Imagine waking up at 1:30 am to an alarm blaring in your ear. You’ve barely had any sleep. You ask yourself, “Why do I have to live like this?” This is the third alarm of the night. It’s been like this every night for the last three weeks. You crawl to the bathroom, change your sanitary pad to prevent the flooding of blood, and pray you get some sleep before school in 7 hours.
Just as you step through the door to the bedroom, your legs buckle from underneath you. You feel an excruciating squeezing sensation mixed with the feeling of an elephant squishing your internal organs. Your scream sends shockwaves throughout your house, and your mum’s broken-hearted face comes around the corner for the fourth night this week. You have undiagnosed endometriosis.
This was my life as a 15-year-old, trying to maintain straight A’s and a dux at school while getting minimal sleep. I tried my absolute hardest to live with this. But at some stage, the suicidal ideation sets in, and your ability to function goes out the window.
My mother had stage four endometriosis diagnosed when trying to conceive. She tried for years to have a baby, enduring countless surgeries due to her endo, hormonal treatments and years of heartbreak.. Both of us knew exactly what was at stake. I booked an appointment with the family GP to raise my very valid concerns surrounding my debilitating period pain.
He said the all-too-common phrase, “It’s just a period.”
I decided to challenge him; I told him of my mother’s history of endometriosis and asked to be referred to a gynaecologist.
But still, I was told, “You don’t need to see a gynaecologist until you want to get pregnant, and besides, the only cure for endometriosis is pregnancy.” I was only sixteen.
Three male GPs, six different oral contraception prescriptions, three psychologists, and one validating female GP later, and I had a referral to a gynaecologist. Private health insurance equated to a 9-month waiting period between referral and initial consultation. The waiting period would have been three years if I were in the public system.

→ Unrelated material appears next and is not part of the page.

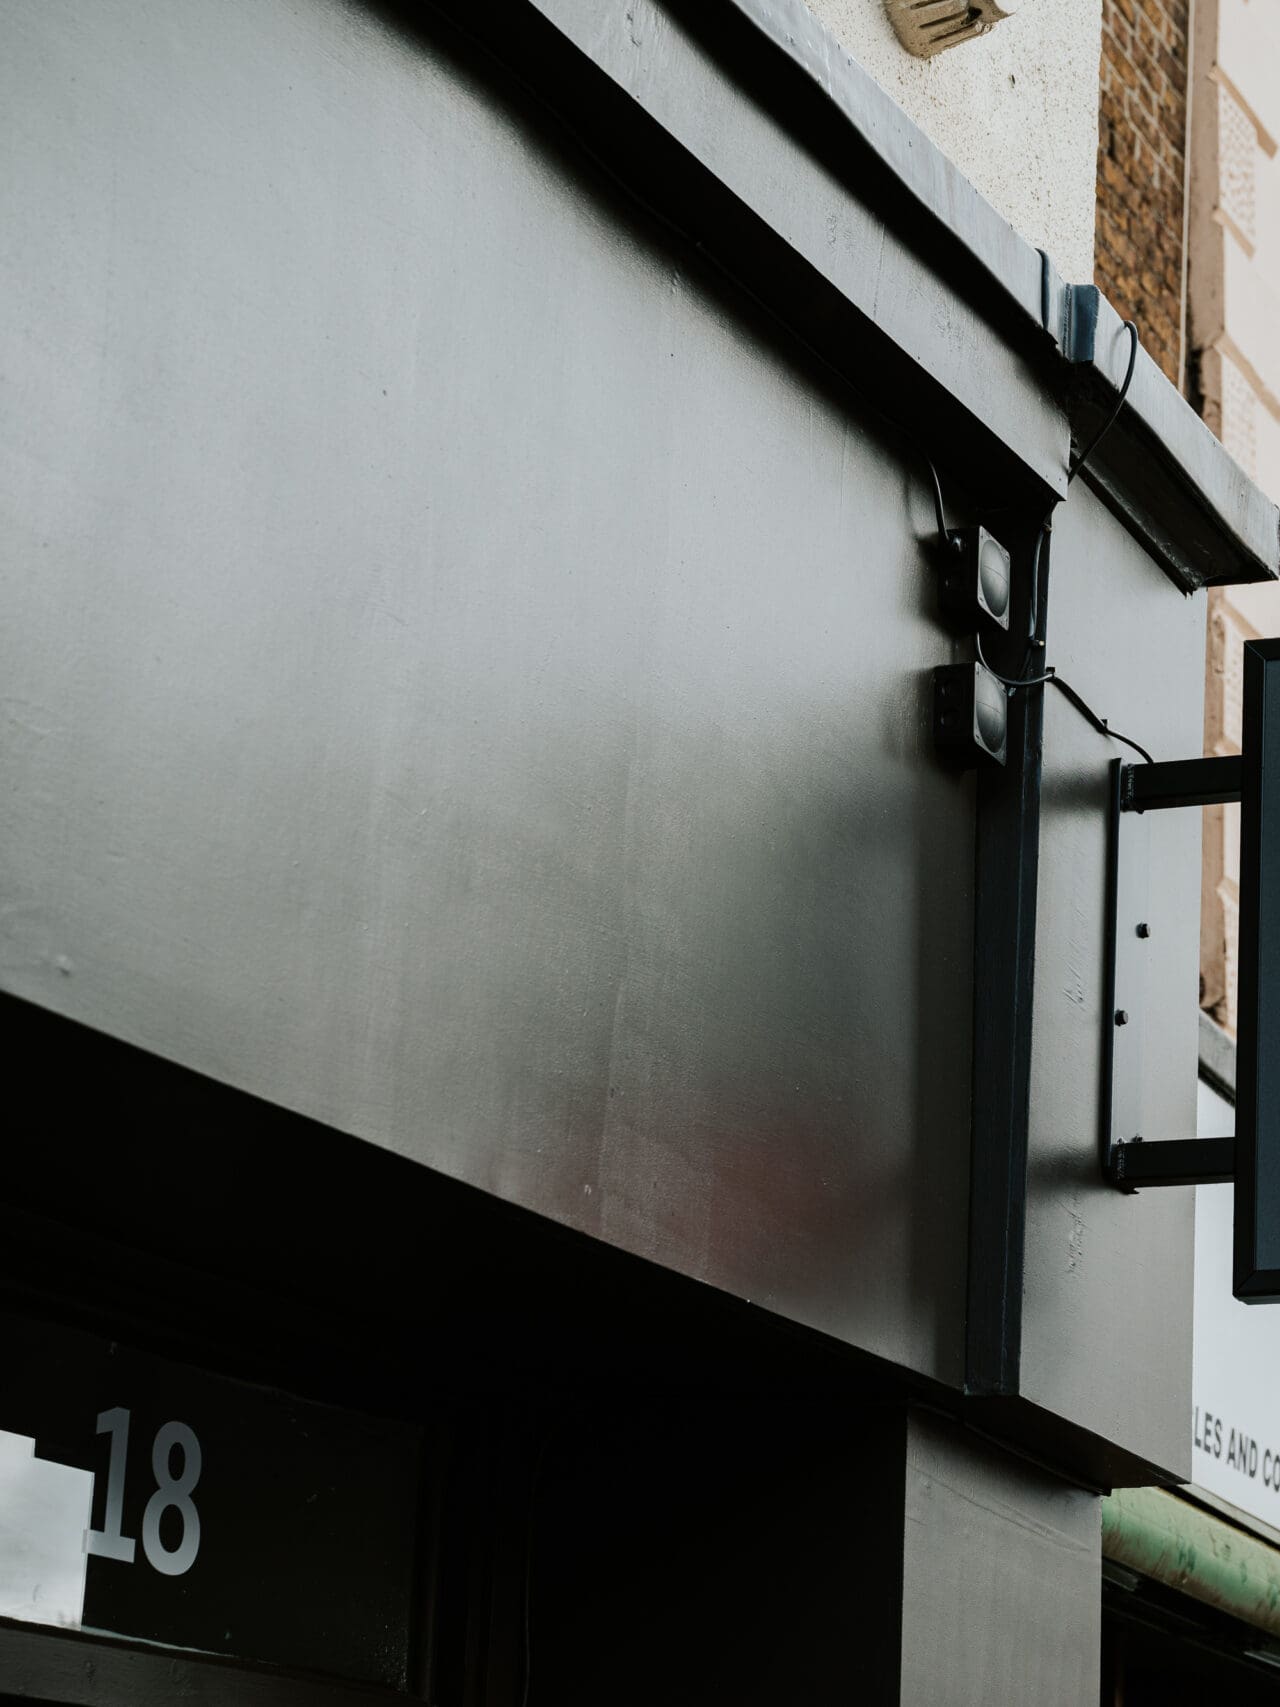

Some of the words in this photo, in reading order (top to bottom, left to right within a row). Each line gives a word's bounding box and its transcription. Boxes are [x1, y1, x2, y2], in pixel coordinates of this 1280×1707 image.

My incredible gynaecologist took one look at my symptoms and booked me for laparoscopic surgery with IUD insertion. While the gas was flooding into my lungs as I was about to be put under, I was terrified. Terrified that they wouldn’t find anything. Maybe the GPs were right; I’ve made this whole thing up.
I woke up, and the first thing I saw was my compassionate gynaecologist telling me they found it. I had endometriosis.

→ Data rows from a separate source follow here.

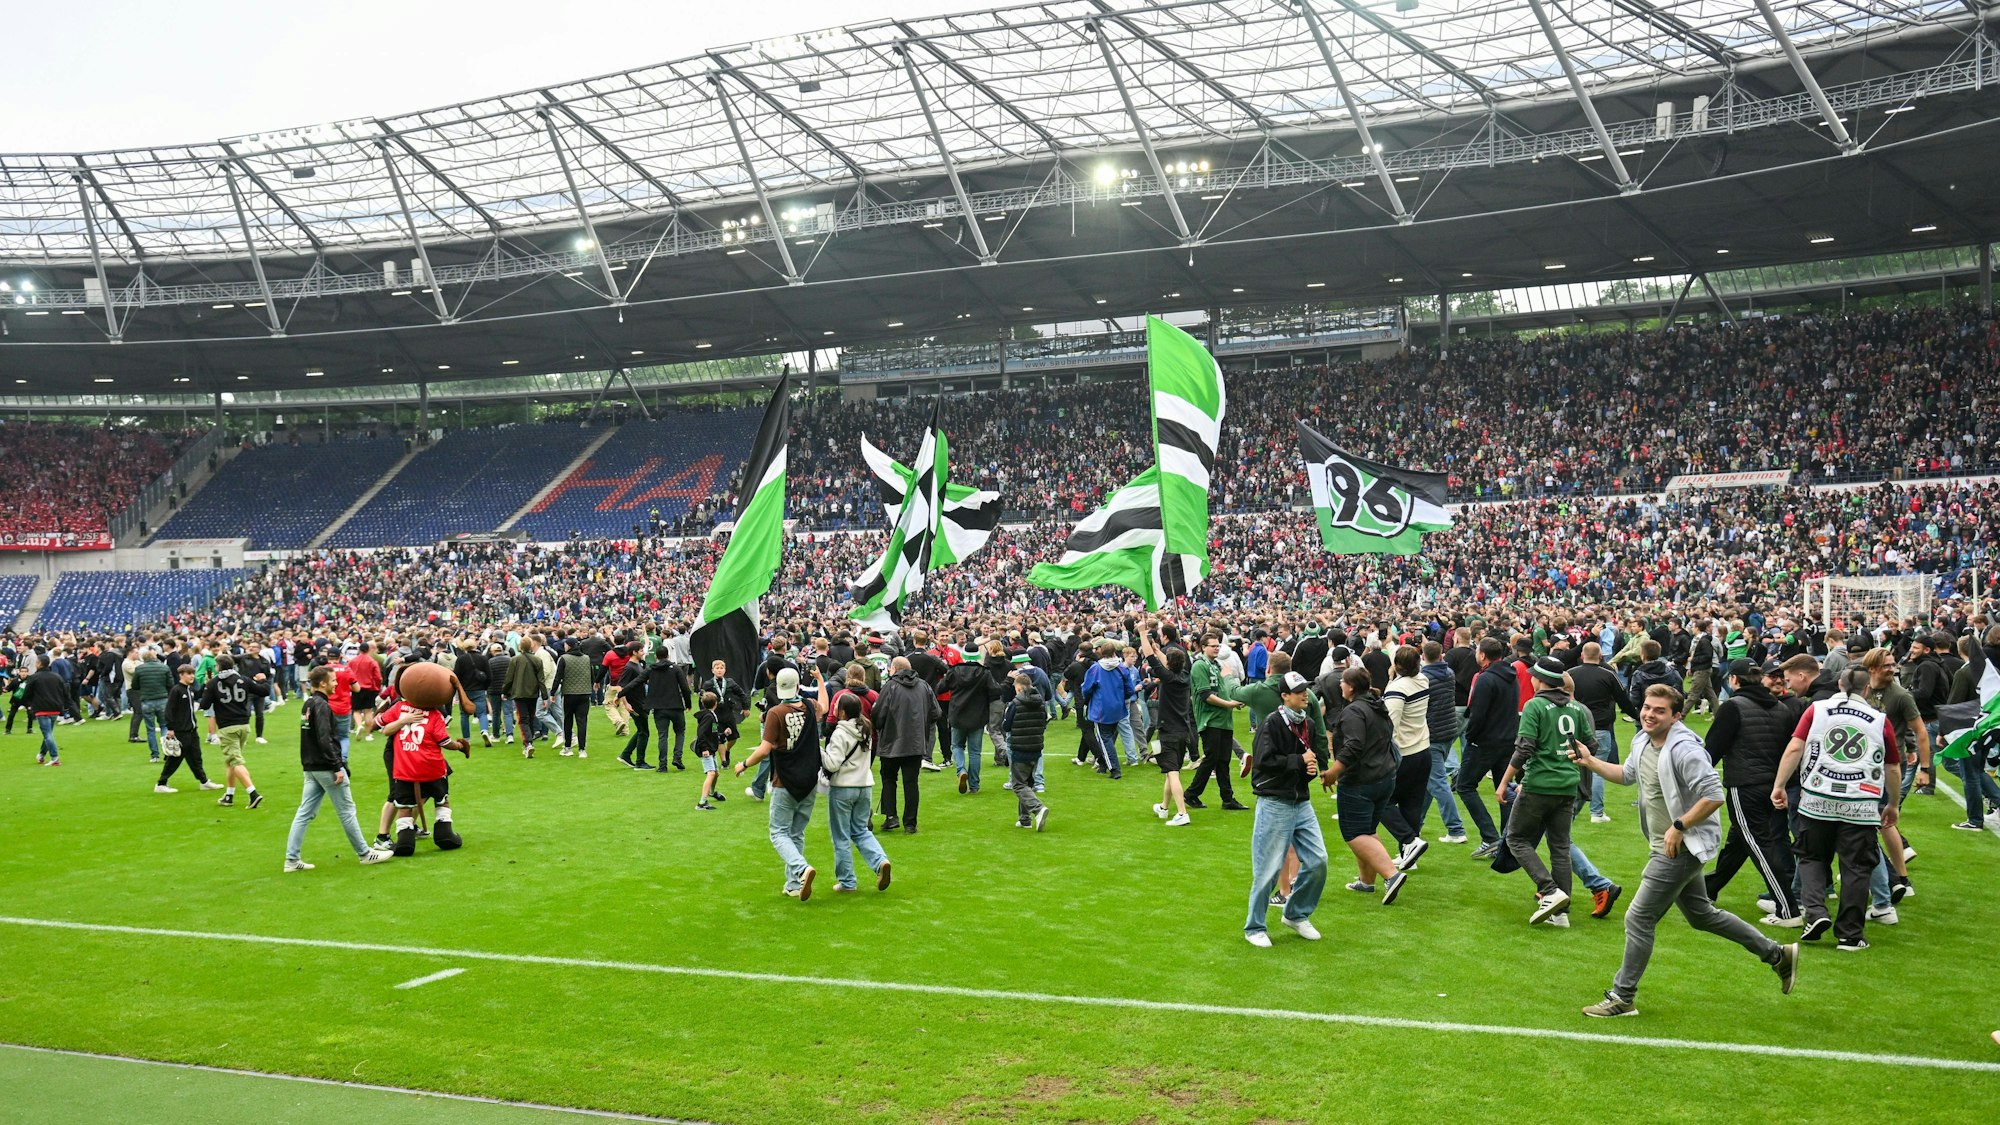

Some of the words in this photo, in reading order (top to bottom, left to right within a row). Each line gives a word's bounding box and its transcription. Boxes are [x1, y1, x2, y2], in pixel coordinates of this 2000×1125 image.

[1740, 472, 1785, 480] HEIDEN
[1326, 462, 1403, 523] 96
[1558, 714, 1576, 747] 9
[1826, 728, 1866, 760] 96
[1805, 799, 1875, 814] ANNOVE

The emotions were a cocktail of confusion; I was overjoyed with validation but terrified of what my future had in store.
My outlook on life as someone living with a chronic condition is bittersweet. I wake up every day with pain. Part of me wants to stay in bed, but 99 per cent of me knows that there are so many individuals who have it worse or are even just starting out on their endometriosis diagnosis journey who need my help.
I am committing my life to them. I should not have to live like this. But neither should they.

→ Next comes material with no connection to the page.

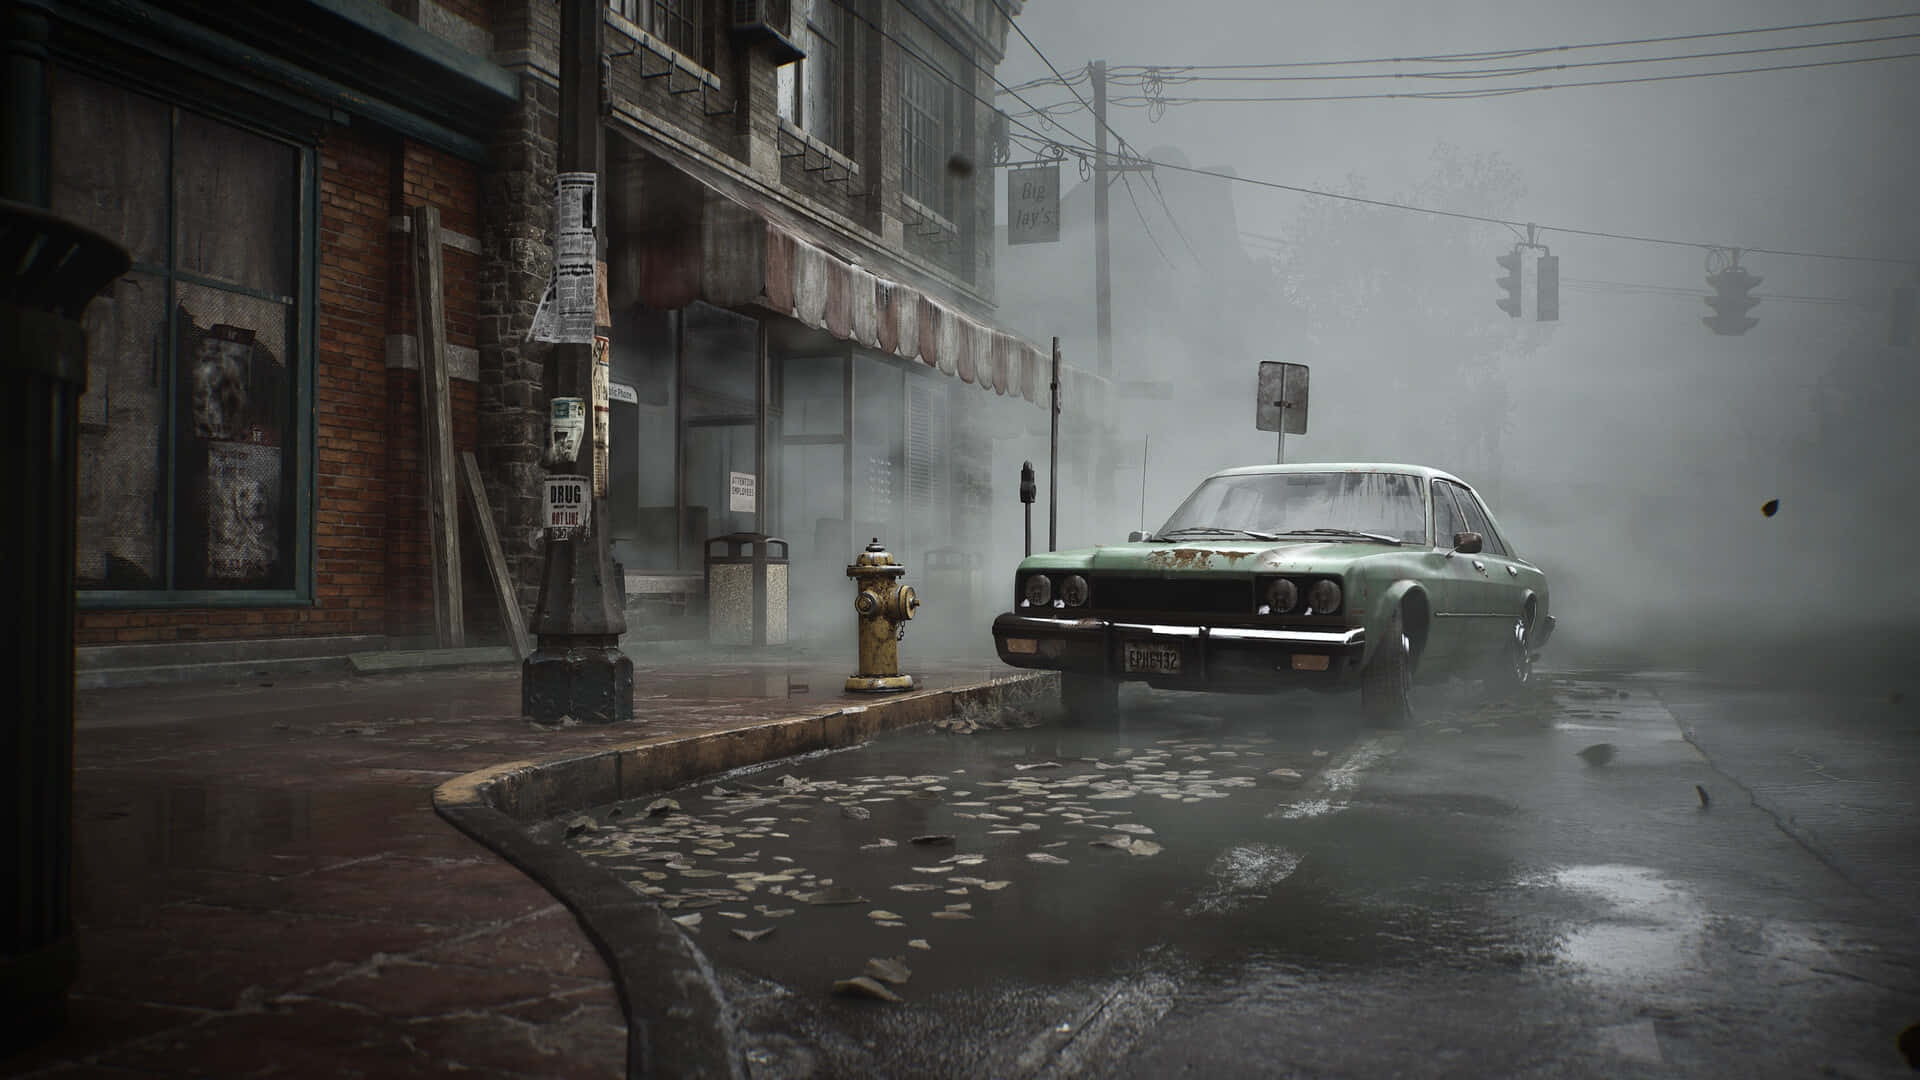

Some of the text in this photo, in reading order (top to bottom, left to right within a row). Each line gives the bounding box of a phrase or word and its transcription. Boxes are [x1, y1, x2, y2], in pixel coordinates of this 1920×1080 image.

The tutors at the University of Adelaide and the Robinson Research Institute observed my passion to change the present landscape in women’s health and introduced me to Dr Jodie Avery. This incredible woman is the leader of IMAGEndo®, a tool that uses AI to take MRIs and transvaginal ultrasounds to diagnose endometriosis without surgery.
Surgery is the current go-to for diagnosing and removing endometriosis, but with recent advances and investment in diagnosis techniques for women’s health, thankfully, more treatment options are becoming available.
Dr. Avery saw my passion and drive for endometriosis and welcomed me into the research world. Her ability to inspire others and harness their abilities to create meaningful careers is astronomical. For me, she supervised my honours degree to assess endometriosis’s effects on a woman’s quality of life. She has inspired me to take on my current PhD considering adolescent endometriosis diagnosis and its impact on patient outcomes.
My PhD journey has been fruitful. I am attending conferences interstate, going to parliament, speaking at interviews, analysing integral data, making friends, meeting those with endometriosis, undertaking systematic reviews, and creating businesses.
The Cost of Endo
As a PhD student, the cost of living is already sky-high.
To date, endometriosis costs me approximately $400 monthly to maintain at an endurable level. This includes medications, sanitary products, tens machines, physiotherapy, and doctors’ appointments.
Hope comes back to you when a doctor tells you of a new medication that may make endometriosis tolerable. However, when they inform you it will cost you another $130 a month, that light fades quickly. It is unaffordable.
Thankfully, the recent announcement from the government to place new endometriosis treatment on the PBS means that women suffering from endo pain can go to the GP and get the affordable primary care treatment they deserve.
No one deserves to live with endo pain, but all too many still do. I am turning my pain into a passion for change, and I want to inspire other women living with endometriosis to do the same. I would say to them – talk to your GP about pain management and share your story, and don’t hide your pain; there are options.